Indeed, it might not come as a surprise to many after reading the findings of the new study, published in JAMA Psychiatry, that found out what kinds of impacts bullying has on a child's mental health. Researchers in the United Kingdom, led by Dr. Jean-Baptiste Pingault from University College London, found that bullying in kids was linked anxiety, depression, paranoid thoughts, and cognitive disorganization among children between the ages of 11 and 16.
The study found that these mental effects of bullying could last up to two years, according to Medical News Today, but dissipated after the five-year mark. These aren't easy things for adults to deal with, let alone a pre-teen or teenager who is going through some serious developmental changes while experiencing the side effects of bullying at the same time.
Knowing about these mental issues is certainly disheartening, especially since bullying starts so early on in life. In fact, research shows, according to Parents, that bullying behavior can start as early as 3 years old.
Mental health issues in children have been on a steady rise, according to the research, and the prominence of bullying can be blamed. And while these new findings may give parents insight into the implications of this type of behavior, it's not entirely brand new information. There's a plethora of data on the subject that can help further explain why bullying is such a problem and how experts suggest it be addressed.
One out of every five students report being bullied, according to Pacer's National Bullying Prevention Center and one third of children report to being bullied by their peers, the study reports. But even then, the numbers might be skewed. This is because 65 percent of children who are bullied do not report it, whereas 36 percent of children who are bullied actually do, according to the National Bullying Prevention Center. Girls are more likely to report that they were bullied at school, according to the New York Post, than boys.
Although bullying is so prevalent, more children are reporting that they are bullied than before. According to The Guardian, research conducted by the Child Helpline International found that calls to the helpline, which exists to help them through their problems with bullying, doubled from 2006 to 2012.
Like bullying, children's mental health issues are just as prevalent. An estimated 17.1 million children have or had a diagnosable psychiatric disorder, according to the Child Mind Institute. Statistics from the Child Mind Institute show that 31.9 percent of children are prescribed with having anxiety disorders and 14.3 percent of children have depression and bipolar disorders.
One 2016 study found that there was a 37 percent increase of adolescents and young adults who reported they had a major depressive episode in a 10-year period, according to TIME. One recent study found that three times as many teenage girls will have early onset depression than teenage boys, according to Broadly.
Having issues with mental health at a young age can hinder not only a child's self-esteem, but it can impact their performance in school as well.

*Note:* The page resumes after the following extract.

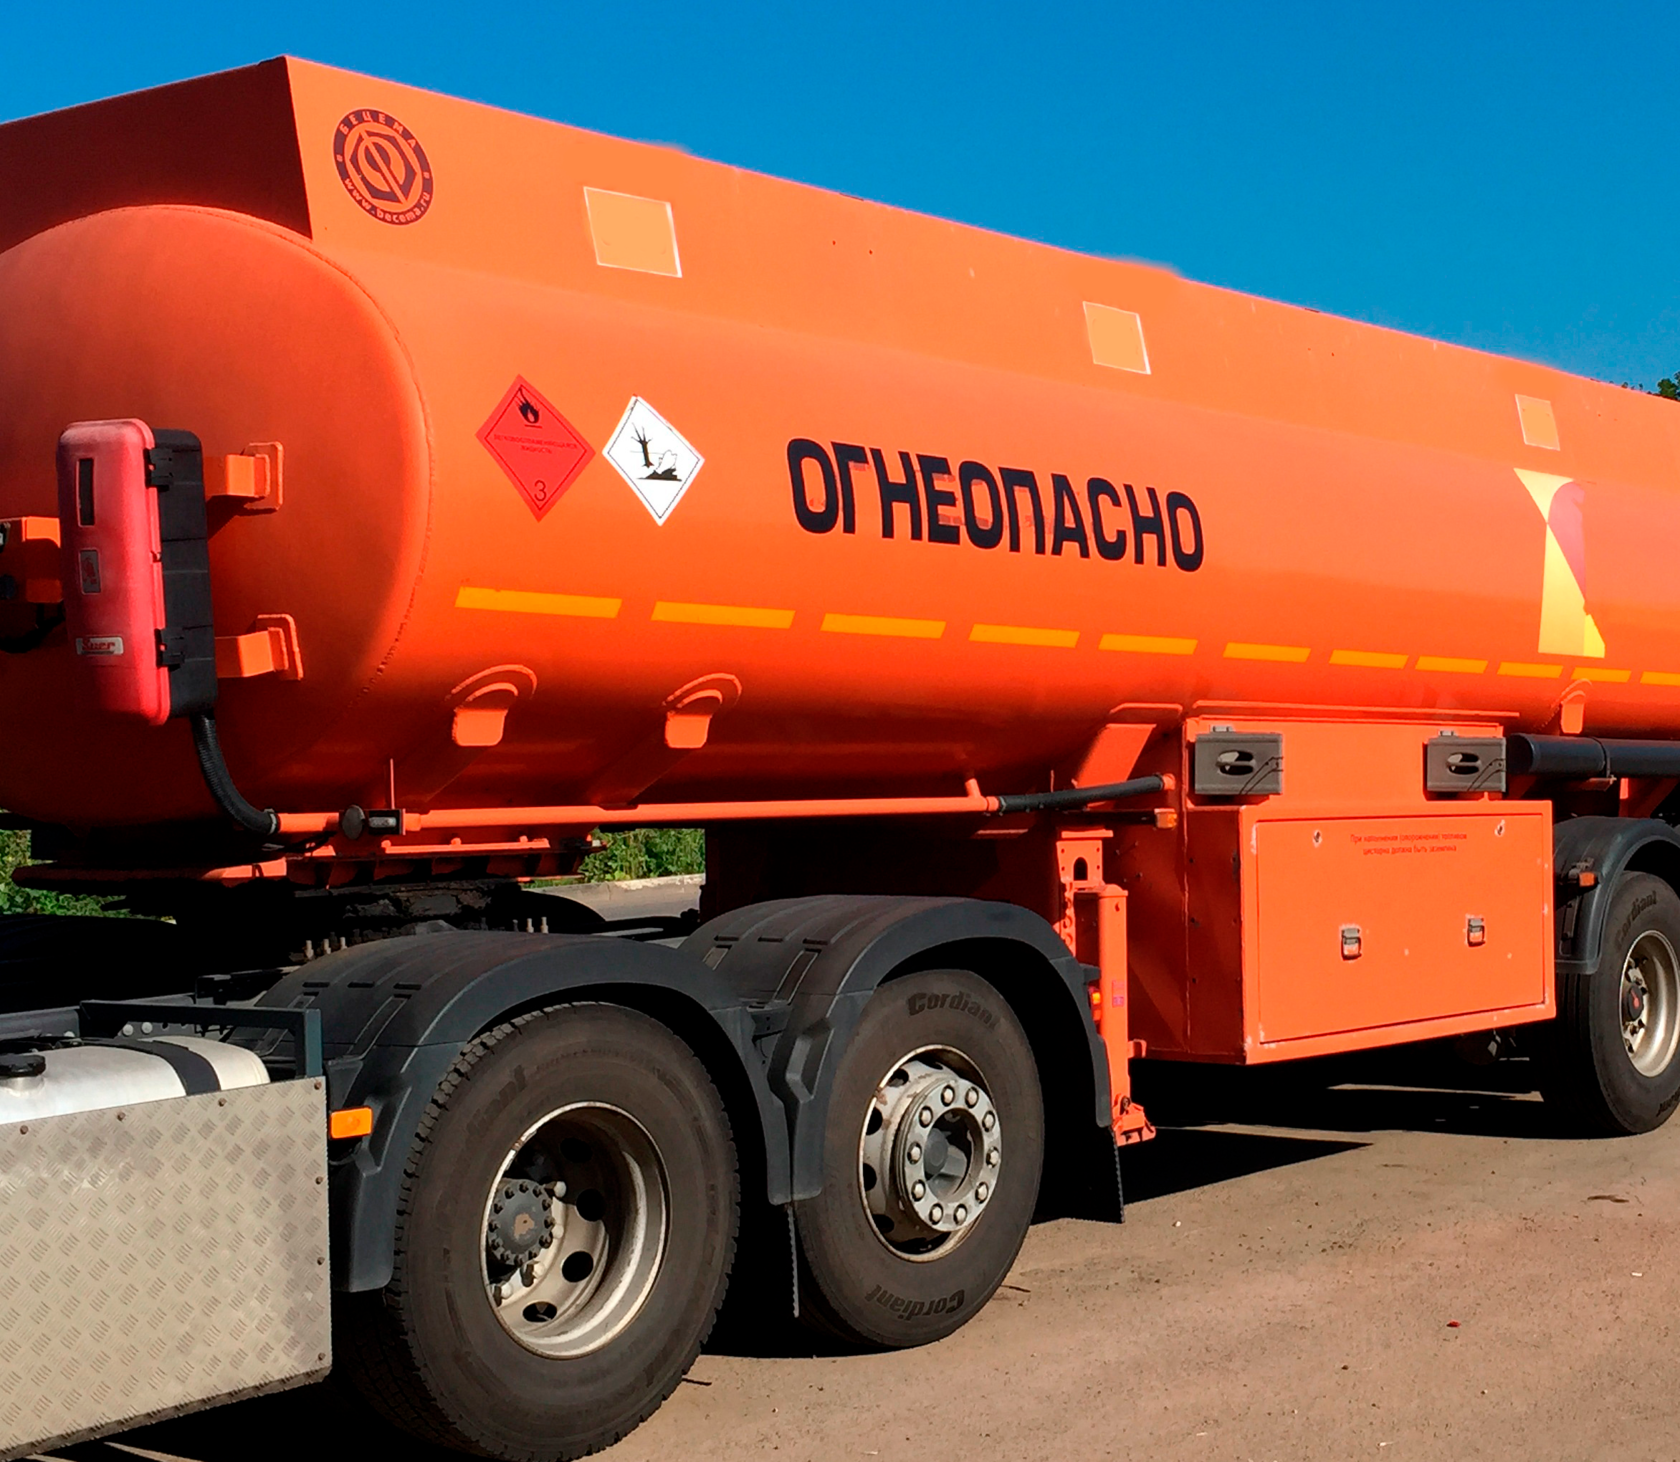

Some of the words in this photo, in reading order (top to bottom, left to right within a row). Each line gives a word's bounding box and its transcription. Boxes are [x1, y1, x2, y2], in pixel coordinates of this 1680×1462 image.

[340, 111, 417, 148] БЕЦЕМА
[345, 178, 430, 222] www.becema.ru
[534, 480, 547, 502] 3
[787, 438, 1204, 572] ОГНЕОПАСНО

According to the Child Mind Institute, if mental disorders are left untreated, they are known to have an effect on a student's ability to learn and function in a school environment.
Although the negative side effects of bullying do dissipate over a period of time, five years can feel like an eternity, especially to teenagers. In order to make these long-term effects seem "less," the study concluded that intervention is necessary — not only for bullying, but to reduce the stigma of mental issues. The authors of the study wrote:
Specifically, we must be mindful in any prevention effort that our goal should be to not only stop the bullying but also to address potential preexisting vulnerabilities to prevent mental health in the long term.
The study's authors believe that when addressing bullying in schools — whether that be through school assemblies or presentations from teachers — programs should simultaneously address mental health problems and promoting resiliency. The more kids know that they are not alone, the earlier they can address these issues head on and work on solutions. This way, children can be treated with the cognitive behavioral therapy that they need to address their problems, according to the Anxiety and Depression Association of America.
Bullying might be common, but the long-term effects of it shouldn't have to be. Addressing the problem early on and getting children the support they need will help.